My thoughts: Another 5 star read from Freida McFadden. One of her earlier books, I read The Surrogate in a night with my hand to mouth and dread in my stomach. I couldn’t turn away from my kindle for a second. My husband was barred from interrupting me…it was just so good.
I’m becoming a big fan of McFadden and would like to work my way through her backlist.

The Eights by Joanna Miller -★★★★
They knew they were changing history.
They didn’t know they would change each other.
Oxford, 1920. For the first time in its 1000-year history, the world’s most famous university has admitted female students. Giddy with dreams of equality, education and emancipation, four young women move into neighbouring rooms on Corridor Eight. They have come here from all walks of life, and they are thrown into an unlikely, life-affirming friendship.

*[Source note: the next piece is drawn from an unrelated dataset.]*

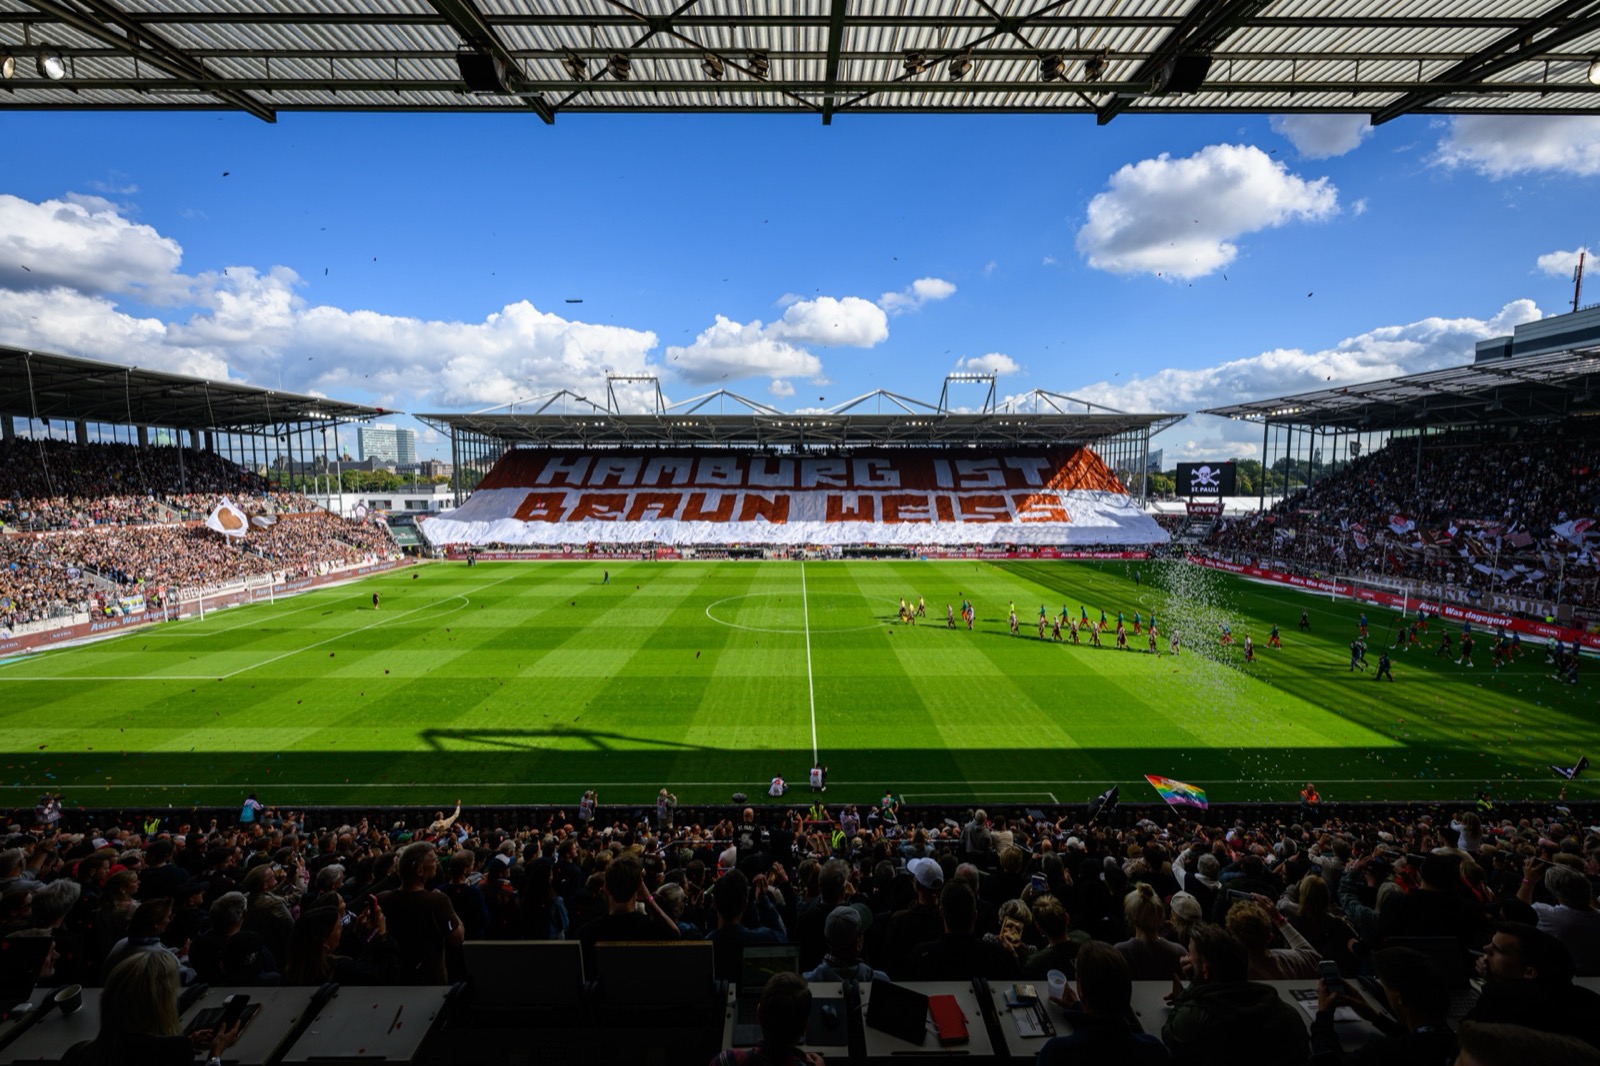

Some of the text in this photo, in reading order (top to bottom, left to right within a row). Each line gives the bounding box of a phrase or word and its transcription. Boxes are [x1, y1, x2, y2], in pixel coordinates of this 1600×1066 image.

Dora was never meant to go to university, but, after losing both her brother and her fiancé on the battlefield, has arrived in their place. Beatrice, politically-minded daughter of a famous suffragette, sees Oxford as a chance to make her own way – and her own friends – for the first time. Socialite Otto fills her room with extravagant luxuries but fears they won’t be enough to distract her from her memories of the war years. And quiet, clever, Marianne, the daughter of a village vicar, arrives bearing a secret she must hide from everyone – even The Eights – if she is to succeed.

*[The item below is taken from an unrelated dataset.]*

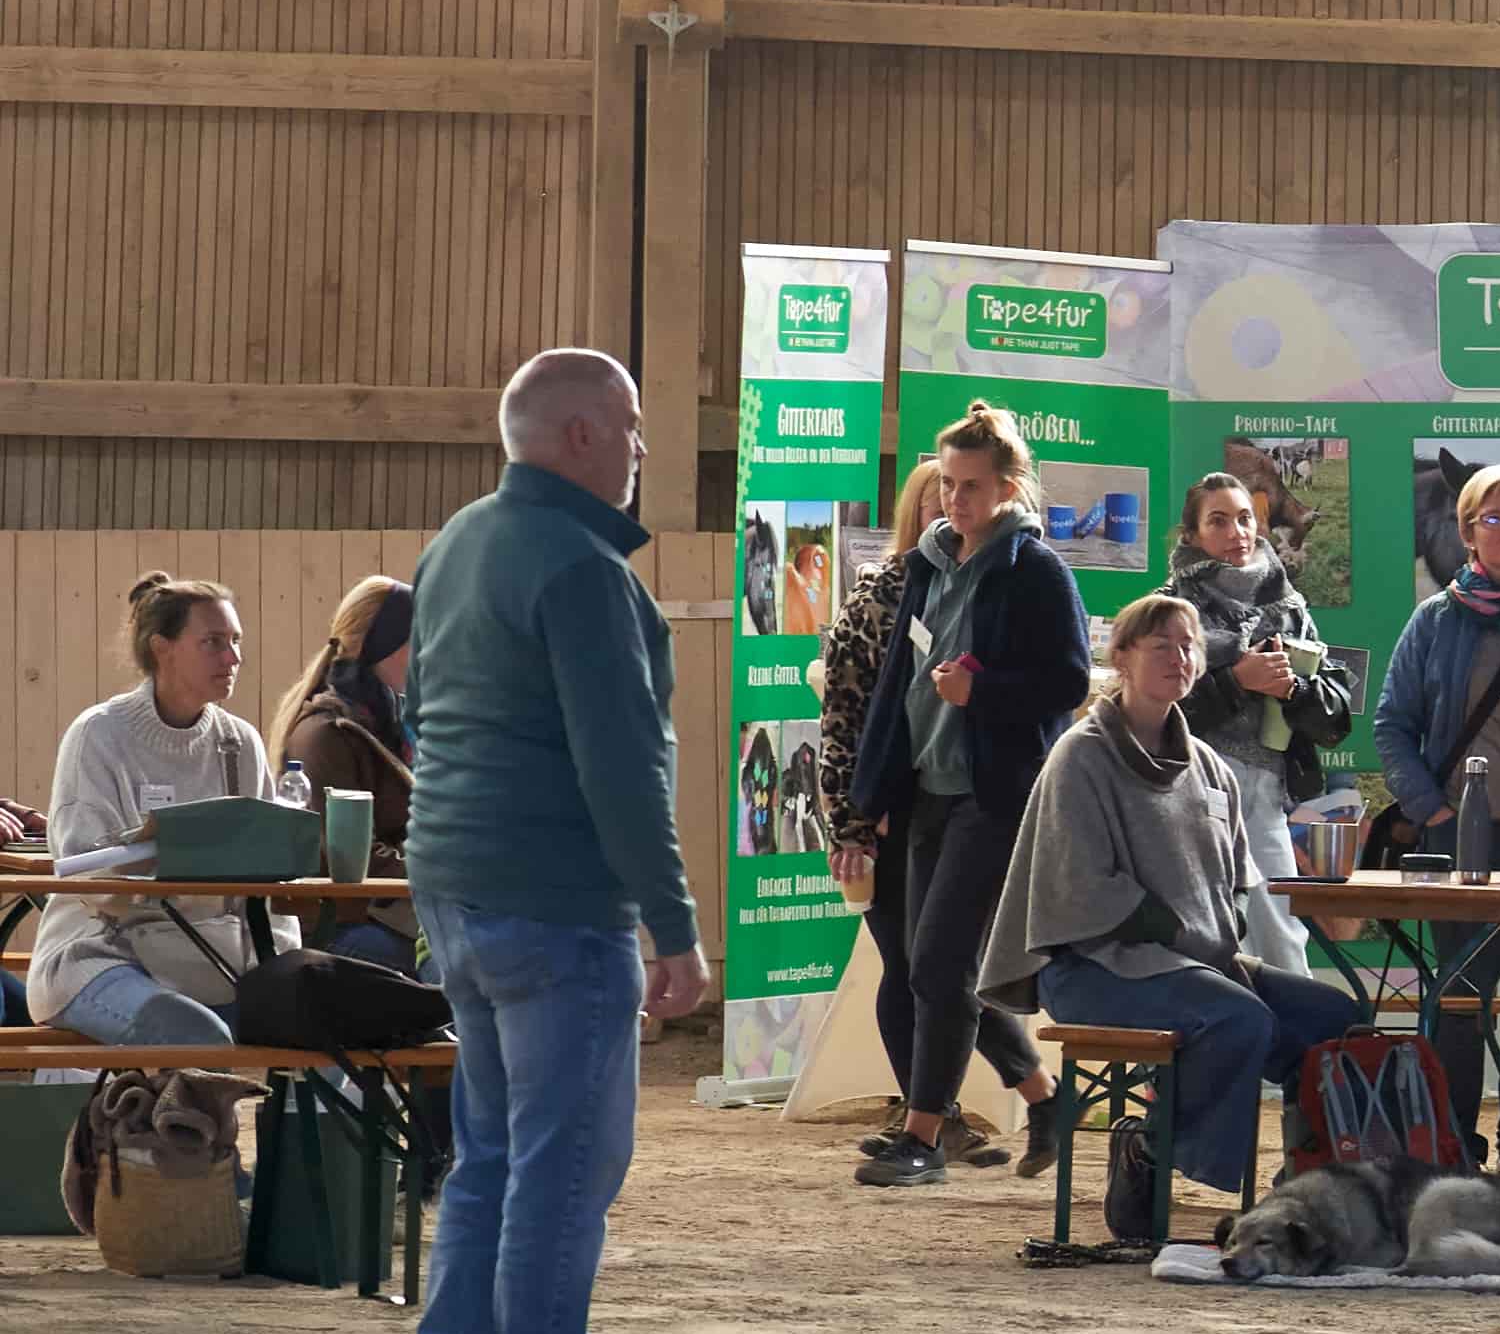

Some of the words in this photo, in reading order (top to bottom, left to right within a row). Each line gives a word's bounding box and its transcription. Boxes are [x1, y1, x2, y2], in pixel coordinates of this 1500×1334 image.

But Oxford’s dreaming spires cast a dark in 1920, misogyny is still rife, influenza is still a threat, and the ghosts of the Great War are still very real indeed. And as the group navigate this tumultuous moment in time, their friendship will become more important than ever.
The Eights is a captivating debut novel about sisterhood, self-determination, courage, and what it means to come of age in a world that is forever changed.
My thoughts: A perfect read for International Women’s Day. A captivating historical fiction set in an era of change for women’s rights. I loved reading about these four women, their bonds of friendship tied to their fight for education in a ‘man’s world’. Each of the girls had heartbreakingly realistic backstories and showed incredible strength, determination and courage as they supported one another to follow their dreams.
As for the DNF:
This year I am trying not to waste time on books that I just know are not for me, DNFing early instead of pushing through. However, I won’t be highlighting these books or explaining why I couldn’t read it so as to not sway anyone’s opinion one way or another. I feel that even though I didn’t enjoy it, doesn’t mean someone else might not love it…or at least find it readable.
And that’s my bookish week. How was yours?